Given the antagonism that surfaces with relative frequency between Latvia and Russia regarding the Soviet ‘occupation’ during World War Two and other historical quagmires, it may have come as a surprise to see that Harmony, the pro-Moscow party which has links to United Russia, has gained the most votes of any party in the Baltic state’s snap election. The New York Times suggests however that the reasons for the victory may not so much the lure of the Kremlin as low turn out and generalized domestic disgruntlement:
[C]ontinued worries about Latvia’s economy, and, perhaps more importantly, anger with a government that many say is beholden to wealthy businessmen, have pushed many Latvians to seek alternatives, even if it means moving closer to Russia and its rich, oil-fueled economy.
A former Latvian president, Valdis Zatlers, forced Saturday’s elections by taking the rare step of dissolving Parliament this summer when lawmakers refused to grant prosecutors permission to investigate possible corruption by a businessman who is a member of Parliament.

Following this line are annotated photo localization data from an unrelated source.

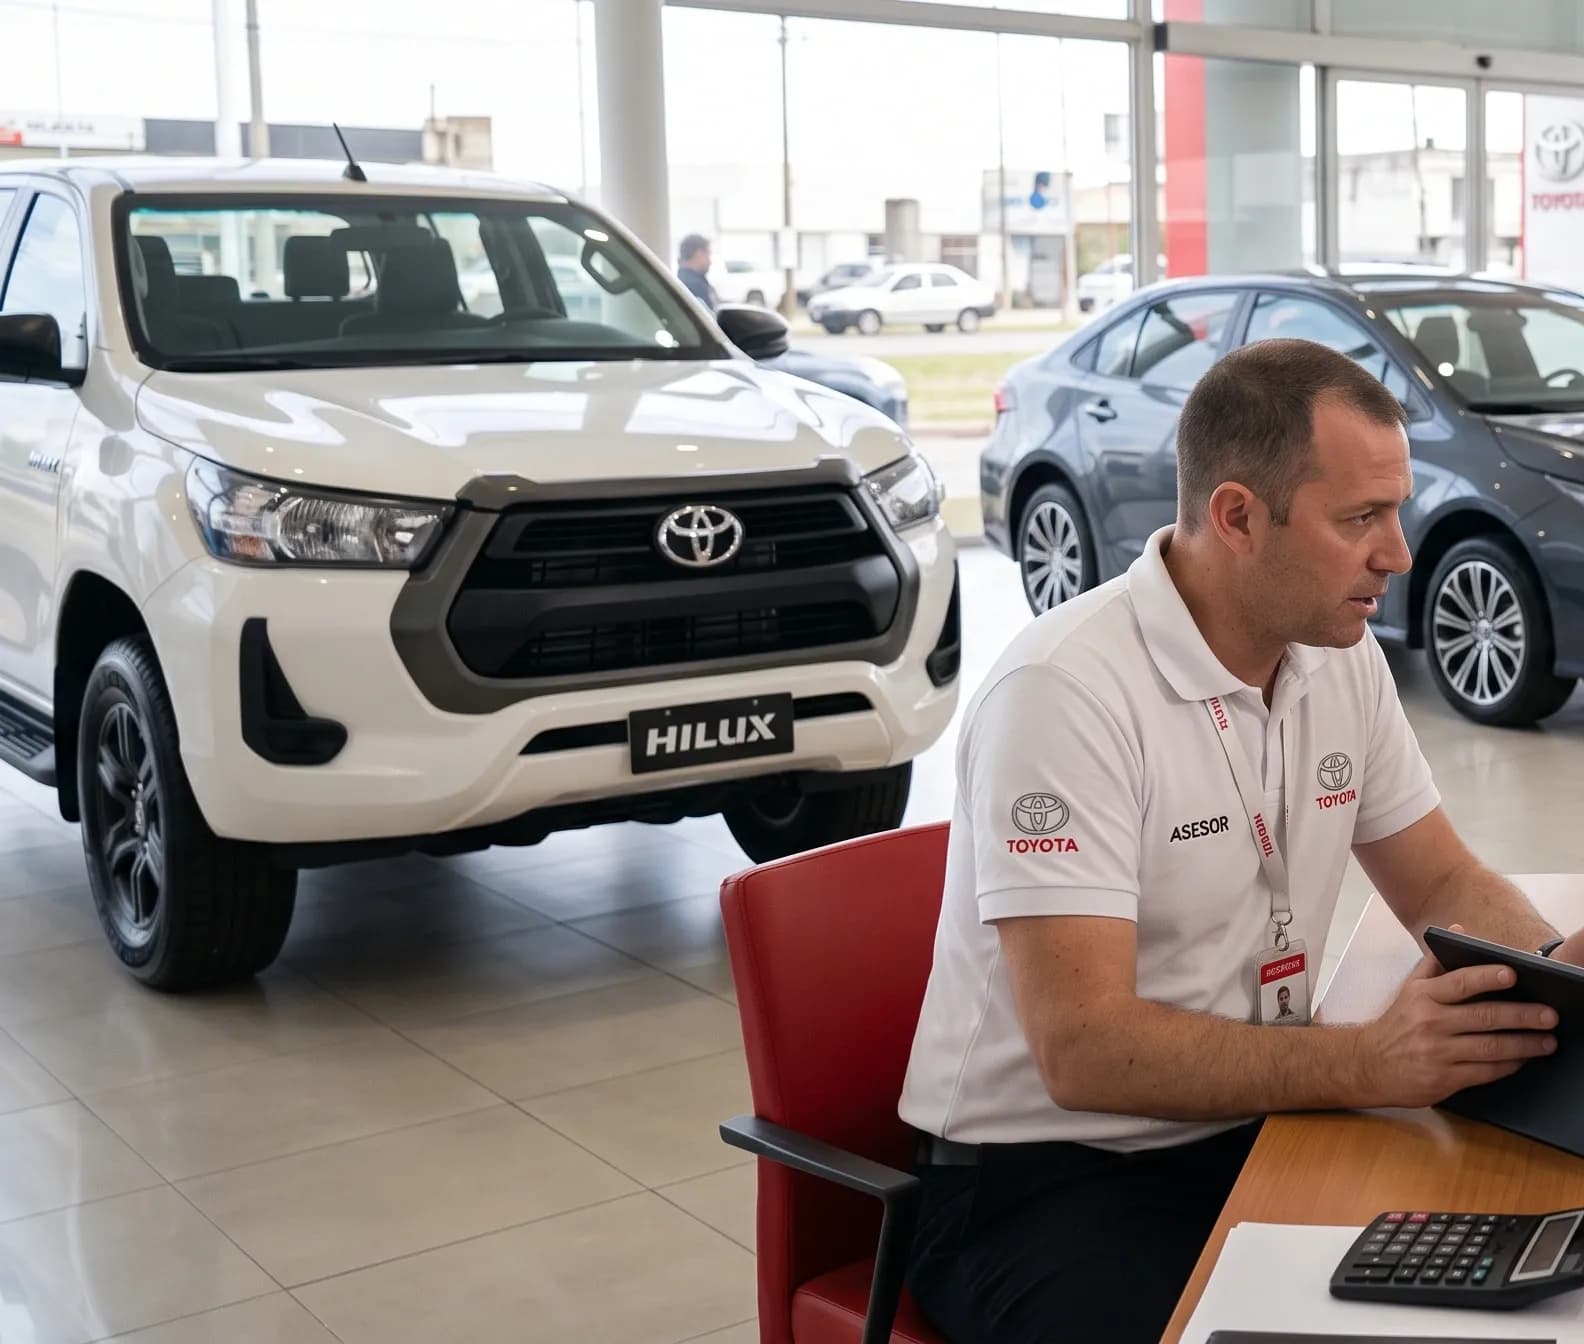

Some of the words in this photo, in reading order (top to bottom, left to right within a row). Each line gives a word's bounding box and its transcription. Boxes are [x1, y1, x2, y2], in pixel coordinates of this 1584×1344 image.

[645, 712, 776, 757] HILUX
[1316, 789, 1357, 810] TOYOTA
[1169, 815, 1229, 843] ASESOR
[1006, 838, 1079, 854] TOYOTA
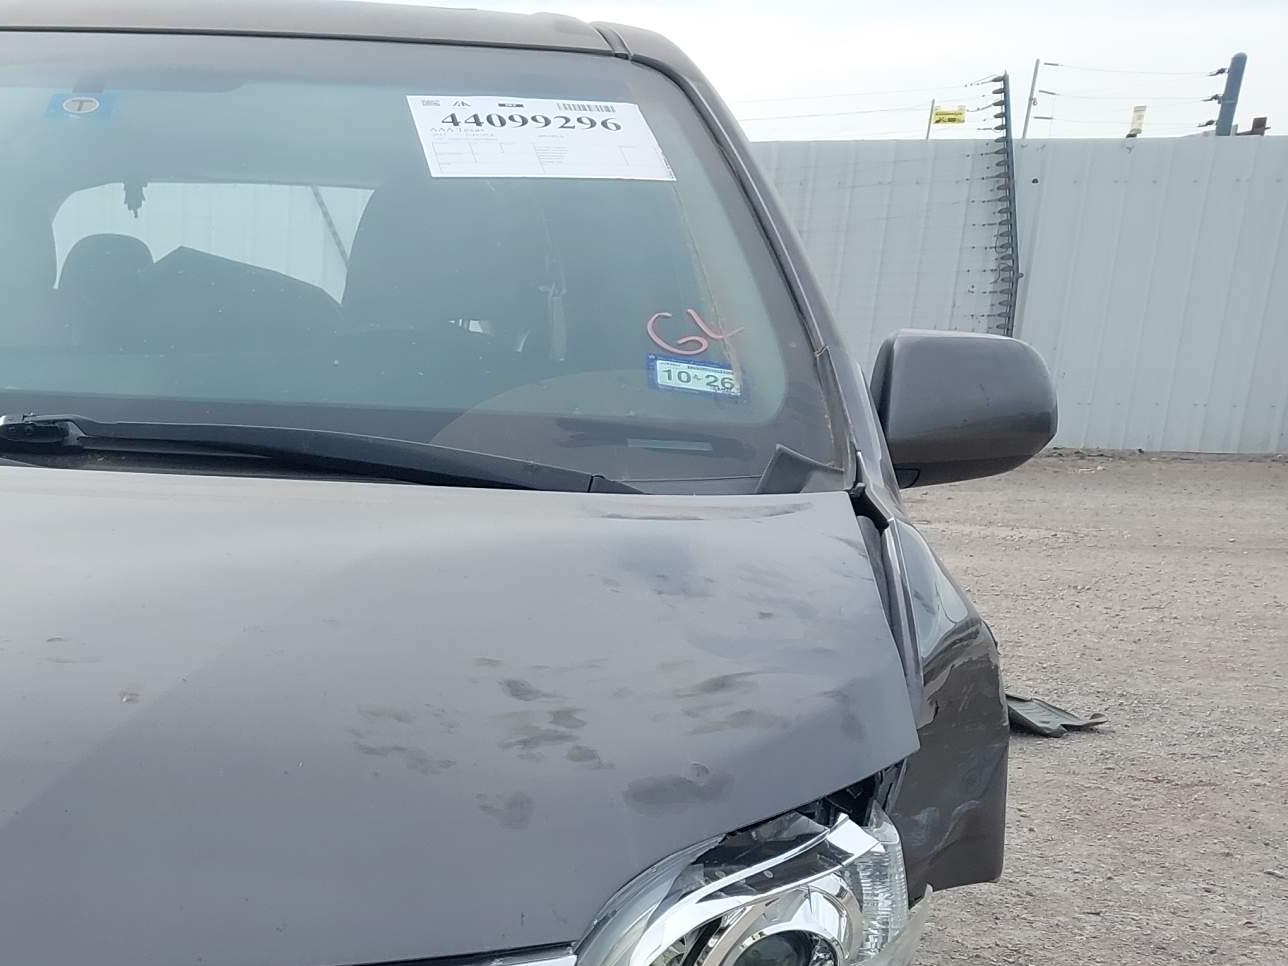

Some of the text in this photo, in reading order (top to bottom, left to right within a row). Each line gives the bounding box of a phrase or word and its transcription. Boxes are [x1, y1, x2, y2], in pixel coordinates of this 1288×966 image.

[441, 113, 622, 131] 44099296
[663, 369, 692, 384] 10
[704, 374, 736, 391] 26

Mr. Zatlers, whose newly formed Reform Party came in second in the vote, has accused a cadre of so-called oligarchs of wielding undue influence.
Harmony Center, which had been the underdog until recent years, has also denounced the authority of the oligarchs and has curried favor with pledges of increased social welfare spending. But it must contend with lingering suspicions over its pro-Russian stance. Particularly contentious have been its close ties to United Russia, Russia’s dominant political party, led by Prime Minister Vladimir V. Putin.
Harmony Center has sought to ease misgivings by presenting itself as transcending ethnic divisions while playing up the benefits of cooperation with Russia.